Rama lahir di tengah keluarga yang tidak harmonis, saat dia usia 10 tahun, Ayah yang selalu ia banggakan meninggalkannya dan Ibunya. Untuk anak seusianya yang dia tahu hanyalah, Ayahnya pergi untuk bekerja.
Ibunya adalah wanita berhati emas, meski ditinggalkan penuh luka, ia tidak menanamkan sedikitpun rasa benci dan dendam kepada Rama terhadap Ayahnya. Ia selalu mengatakan Ayahnya adalah pria yang sangat baik.
Usia 15 tahun mereka tinggal di Indonesia, Ibunya bekerja di salah satu tempat wisata di pulau Bali sebelum kemudian mereka pindah ke pulau Kalimantan.
Ibunya meninggal karena sakit keras terlalu giat bekerja hingga di hari tuanya. Sebelum pergi meninggalkannya, ternyata Ibunya sudah lama mencoba menghubungi kembali Ayahnya.
Konon Ayahnya mengatakan sangat bahagia saat tahu bahwa Rama yang sudah berusia 21 tahun bersedia ikut dengannya di Negara kelahirannya, New York.
Ayahnya yang sudah berusia lanjut menginginkan Rama meneruskan perusahaannya. Sebelum itu ia melanjutkan pendidikannya di salah satu Universitas ternama di Amerika.
Hingga 6 bulan setelah ia menjabat sebagai pimpinan perusahaan Ayahnya, ia melihat dan mendengar dengan mata telinganya sendiri Ayahnya bicara kepada seorang wanita cantik dua tahun lebih tua darinya--lebih pantas menjadi kakaknya--tentang masa lalu dirinya dan Ibunya.
"Kau sudah meninggalkan Jane 16 tahun yang lalu, honey. Kenapa sekarang kau ambil lagi anaknya?" tanya wanita itu dengan manja duduk di atas pangkuan pria yang mengaku Ayahnya.

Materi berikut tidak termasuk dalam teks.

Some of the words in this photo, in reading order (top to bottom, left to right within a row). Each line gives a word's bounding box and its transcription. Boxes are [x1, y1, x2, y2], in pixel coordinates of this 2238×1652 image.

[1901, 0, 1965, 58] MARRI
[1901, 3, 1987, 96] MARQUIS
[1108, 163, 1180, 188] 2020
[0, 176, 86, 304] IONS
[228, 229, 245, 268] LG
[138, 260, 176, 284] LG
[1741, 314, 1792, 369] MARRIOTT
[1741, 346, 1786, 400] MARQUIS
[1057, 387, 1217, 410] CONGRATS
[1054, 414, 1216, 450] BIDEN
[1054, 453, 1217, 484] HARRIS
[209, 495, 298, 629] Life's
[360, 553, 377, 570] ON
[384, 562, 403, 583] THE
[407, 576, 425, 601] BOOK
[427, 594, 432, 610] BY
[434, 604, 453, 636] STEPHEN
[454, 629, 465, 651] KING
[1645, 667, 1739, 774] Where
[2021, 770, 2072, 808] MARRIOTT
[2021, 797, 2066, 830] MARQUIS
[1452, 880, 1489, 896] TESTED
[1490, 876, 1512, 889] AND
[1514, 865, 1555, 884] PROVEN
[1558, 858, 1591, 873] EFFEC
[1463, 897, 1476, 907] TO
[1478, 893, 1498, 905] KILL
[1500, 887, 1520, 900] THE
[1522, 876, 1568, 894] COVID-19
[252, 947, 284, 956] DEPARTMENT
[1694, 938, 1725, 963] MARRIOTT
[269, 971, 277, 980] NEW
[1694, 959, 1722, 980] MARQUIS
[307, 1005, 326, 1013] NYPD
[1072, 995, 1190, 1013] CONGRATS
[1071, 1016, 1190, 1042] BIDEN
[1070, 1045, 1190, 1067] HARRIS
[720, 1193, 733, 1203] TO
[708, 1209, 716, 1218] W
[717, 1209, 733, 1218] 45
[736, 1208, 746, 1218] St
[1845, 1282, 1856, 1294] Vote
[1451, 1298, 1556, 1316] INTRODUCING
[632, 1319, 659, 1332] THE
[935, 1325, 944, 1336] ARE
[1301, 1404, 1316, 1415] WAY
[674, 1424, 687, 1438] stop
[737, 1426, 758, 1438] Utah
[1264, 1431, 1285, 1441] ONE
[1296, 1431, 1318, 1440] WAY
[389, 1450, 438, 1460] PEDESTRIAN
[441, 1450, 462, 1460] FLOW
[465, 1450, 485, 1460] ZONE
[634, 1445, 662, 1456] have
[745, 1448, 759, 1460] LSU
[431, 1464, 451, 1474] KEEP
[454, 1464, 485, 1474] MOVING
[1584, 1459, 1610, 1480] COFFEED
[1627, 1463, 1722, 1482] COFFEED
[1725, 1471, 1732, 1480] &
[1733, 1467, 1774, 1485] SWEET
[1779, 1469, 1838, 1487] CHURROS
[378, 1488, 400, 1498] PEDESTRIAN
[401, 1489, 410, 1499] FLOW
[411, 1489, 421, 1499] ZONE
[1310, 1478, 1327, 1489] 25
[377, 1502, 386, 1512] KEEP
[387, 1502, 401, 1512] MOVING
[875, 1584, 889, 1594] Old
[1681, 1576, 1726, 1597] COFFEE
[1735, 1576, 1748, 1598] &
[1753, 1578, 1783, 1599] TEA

"Tenanglah, bagaimanapun dia tetap anakku. Beruntung Jane tidak mengatakan yang sebenarnya pada Rama, bahwa aku menelantarkan mereka demi kau, Baby." Tangannya mengelus-elus rambut lurus panjang wanita itu, sedangkan tangan yang satu sudah bergerilya di atas paha putih wanita itu.
Rama berusaha menahan diri agar tidak mendobrak pintu ruang kerja Ayahnya, agar ia bisa mendengar lebih banyak lagi.

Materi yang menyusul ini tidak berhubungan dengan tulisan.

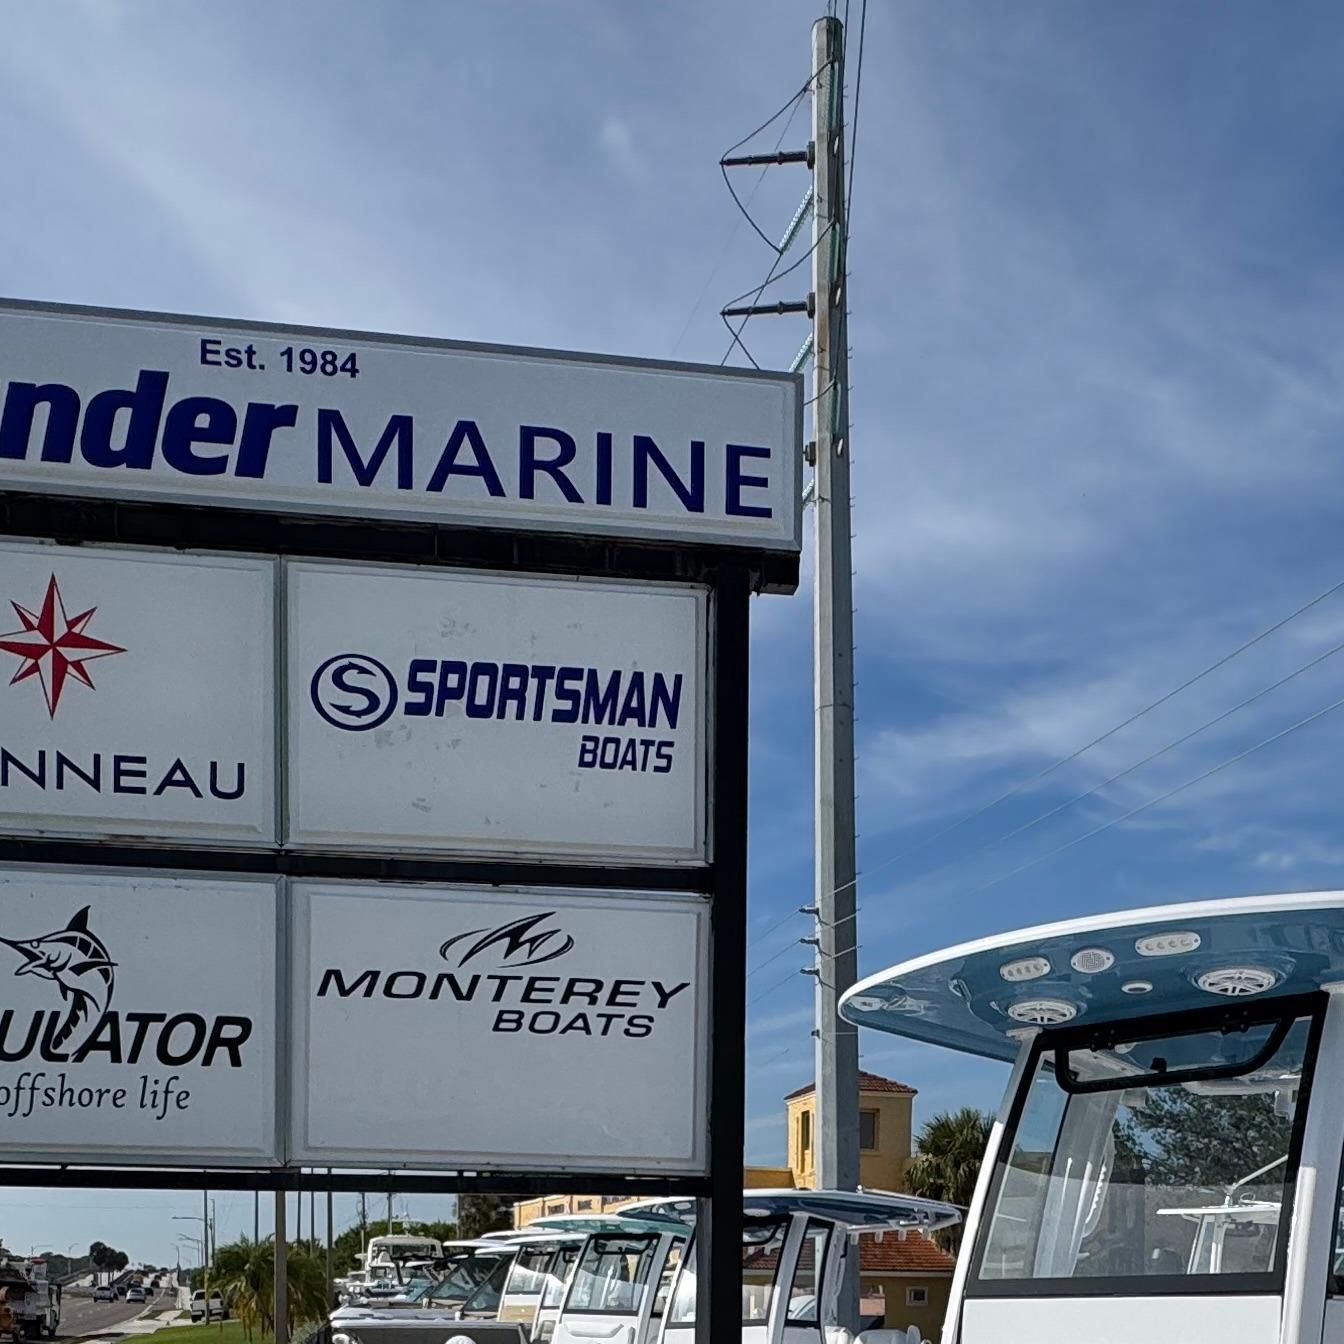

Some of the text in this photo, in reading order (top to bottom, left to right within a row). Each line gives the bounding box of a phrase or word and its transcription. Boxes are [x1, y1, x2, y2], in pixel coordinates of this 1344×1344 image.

[200, 338, 359, 379] Est. 1984
[317, 408, 773, 519] MARINE
[403, 658, 683, 730] SPORTSMAN
[577, 734, 675, 774] BOATS
[316, 967, 691, 1010] MONTEREY
[491, 1007, 655, 1039] BOATS
[139, 1075, 191, 1121] life

"Kau sempat berjanji padaku akan memberikan hartamu untuk Kevin anak kita," ucap wanita itu. Gerakannya terus menggoda mencari titik sensitif Pria separuh baya itu.
"Tentu saja sayang, Rama juga berhak atas hartaku."

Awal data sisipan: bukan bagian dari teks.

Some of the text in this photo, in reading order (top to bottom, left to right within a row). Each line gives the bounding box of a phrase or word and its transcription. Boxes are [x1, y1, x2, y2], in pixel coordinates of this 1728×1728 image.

"Kau memberikan jabatan tertinggi padanya, bagaimana kalau dia tidak mau berbagi?"
"Kau tenang saja, dia yang bisa kupercaya tidak akan berambisi menguasai. Dia telah dididik dengan baik oleh Jane, aku hanya ingin menebus masa lalu pada Rama. Untuk Kevin, dia juga ada bagiannya. Mereka akan mendapatkan 50:50," ucapnya sambil sambil tertawa kecil, karena wanita itu tidak berhenti menciumi wajahnya.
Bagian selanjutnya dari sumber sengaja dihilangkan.